EXERCISE AIM
Write out every line of the material as it stands, apart from the pictures.

RECORDS PROVIDED

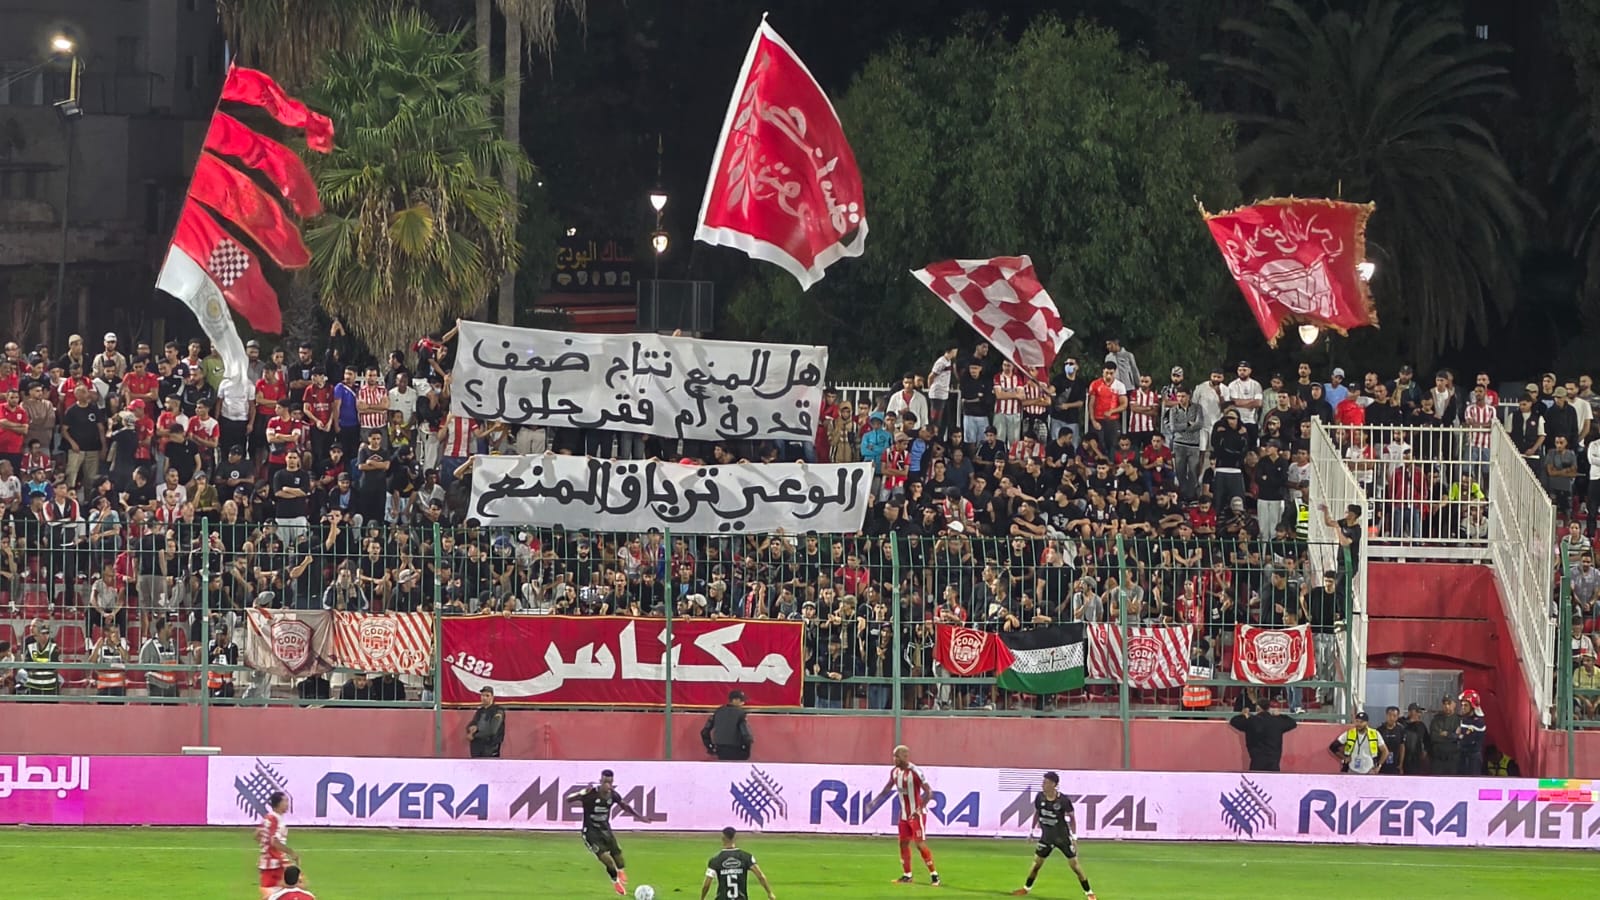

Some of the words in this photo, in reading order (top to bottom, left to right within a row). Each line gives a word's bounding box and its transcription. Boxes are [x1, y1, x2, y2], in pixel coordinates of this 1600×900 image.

[472, 338, 590, 372] ضعف
[605, 341, 673, 389] نتاج
[684, 349, 771, 399] المنع
[752, 349, 821, 399] هل
[567, 388, 654, 428] فقر
[675, 384, 707, 438] أم
[715, 396, 813, 440] قدرة
[477, 458, 612, 518] المنع
[598, 462, 720, 524] ترياق
[709, 467, 863, 532] الوعي
[451, 620, 794, 698] مكناس
[315, 771, 489, 821] RIVERA
[509, 776, 668, 822] MEAL
[811, 779, 981, 828] RIVRA
[1000, 784, 1158, 832] MTAL
[1297, 789, 1468, 838] RIVERA
[726, 874, 739, 899] 5

ANSWER AREA
Some of the words in this photo, in reading order (top to bottom, left to right within a row). Each line gives a word's bounding box and its transcription. Boxes are [x1, y1, x2, y2], in pixel coordinates of this 1600×900 image.

[472, 338, 590, 372] ضعف
[605, 341, 673, 389] نتاج
[684, 349, 771, 399] المنع
[752, 349, 821, 399] هل
[567, 388, 654, 428] فقر
[675, 384, 707, 438] أم
[715, 396, 813, 440] قدرة
[477, 458, 612, 518] المنع
[598, 462, 720, 524] ترياق
[709, 467, 863, 532] الوعي
[451, 620, 794, 698] مكناس
[315, 771, 489, 821] RIVERA
[509, 776, 668, 822] MEAL
[811, 779, 981, 828] RIVRA
[1000, 784, 1158, 832] MTAL
[1297, 789, 1468, 838] RIVERA
[726, 874, 739, 899] 5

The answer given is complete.